▸ Description of the task: Exclude all pictures, then copy each of the records exactly as written.

++++ Data for processing

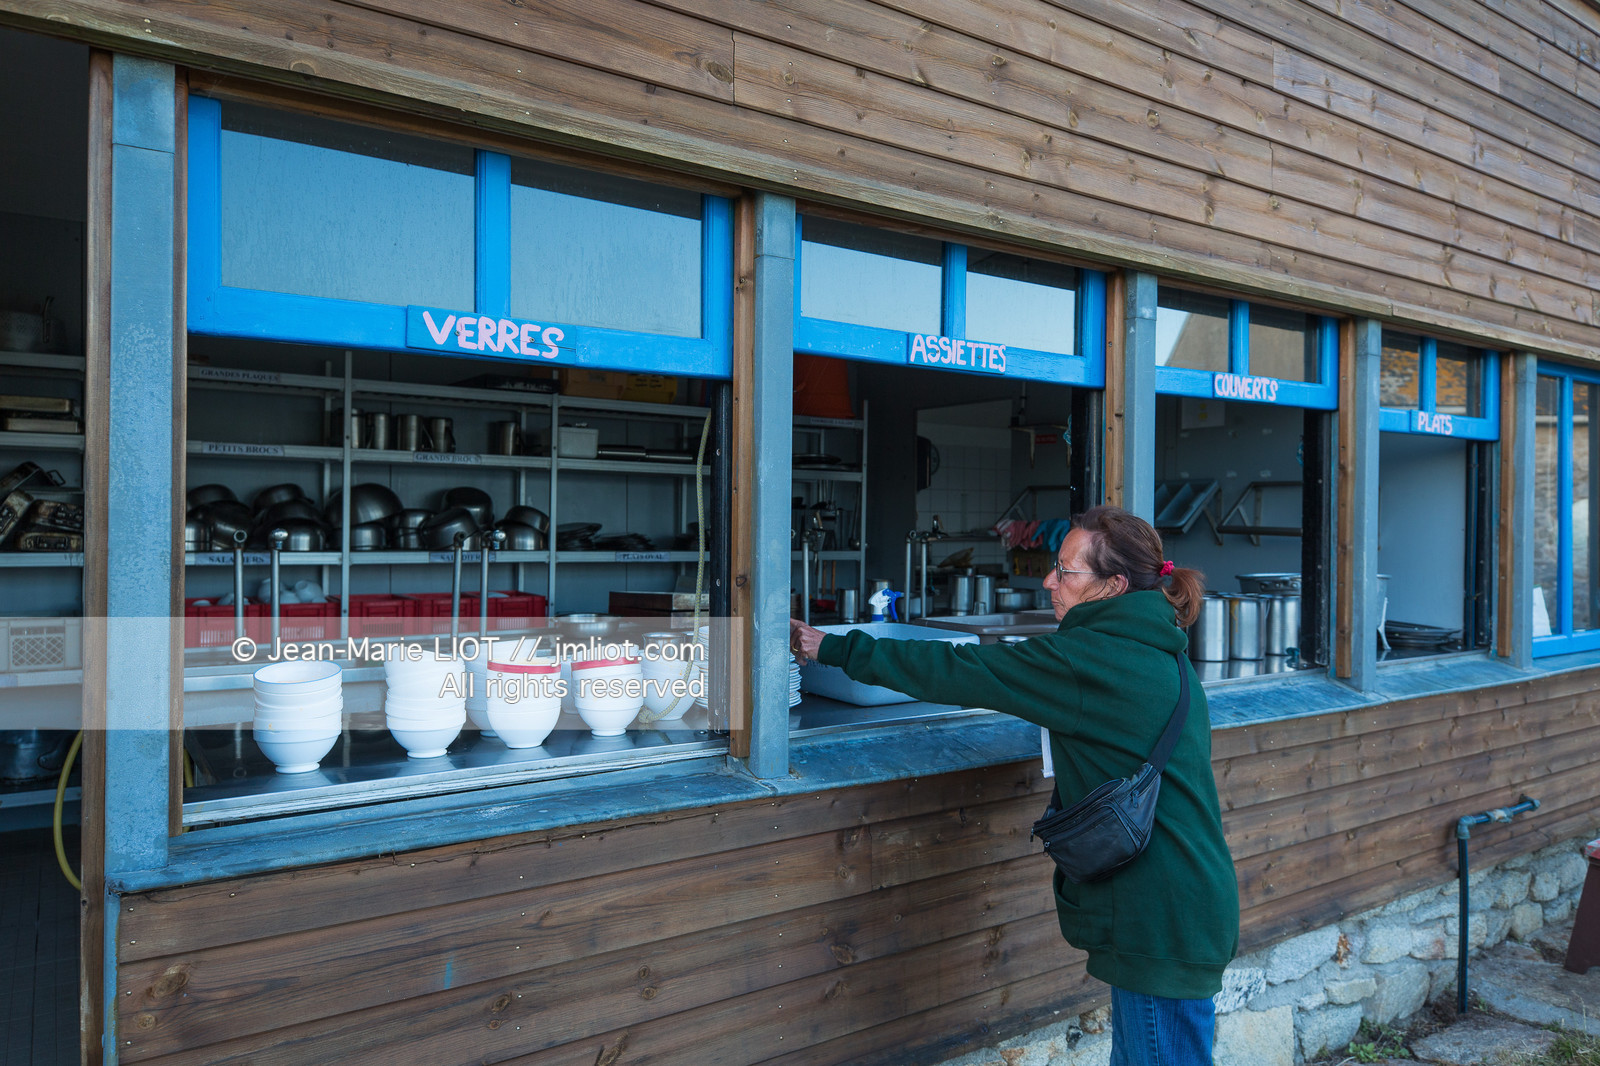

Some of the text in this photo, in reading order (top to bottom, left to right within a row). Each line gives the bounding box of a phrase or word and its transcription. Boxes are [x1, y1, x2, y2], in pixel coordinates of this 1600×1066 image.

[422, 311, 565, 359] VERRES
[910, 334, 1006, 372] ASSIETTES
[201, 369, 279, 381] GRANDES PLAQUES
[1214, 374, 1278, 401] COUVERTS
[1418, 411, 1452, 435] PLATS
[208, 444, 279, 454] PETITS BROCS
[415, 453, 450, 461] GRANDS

++++++++

▸ Result of the exercise:
Some of the text in this photo, in reading order (top to bottom, left to right within a row). Each line gives the bounding box of a phrase or word and its transcription. Boxes are [x1, y1, x2, y2], in pixel coordinates of this 1600×1066 image.

[422, 311, 565, 359] VERRES
[910, 334, 1006, 372] ASSIETTES
[201, 369, 279, 381] GRANDES PLAQUES
[1214, 374, 1278, 401] COUVERTS
[1418, 411, 1452, 435] PLATS
[208, 444, 279, 454] PETITS BROCS
[415, 453, 450, 461] GRANDS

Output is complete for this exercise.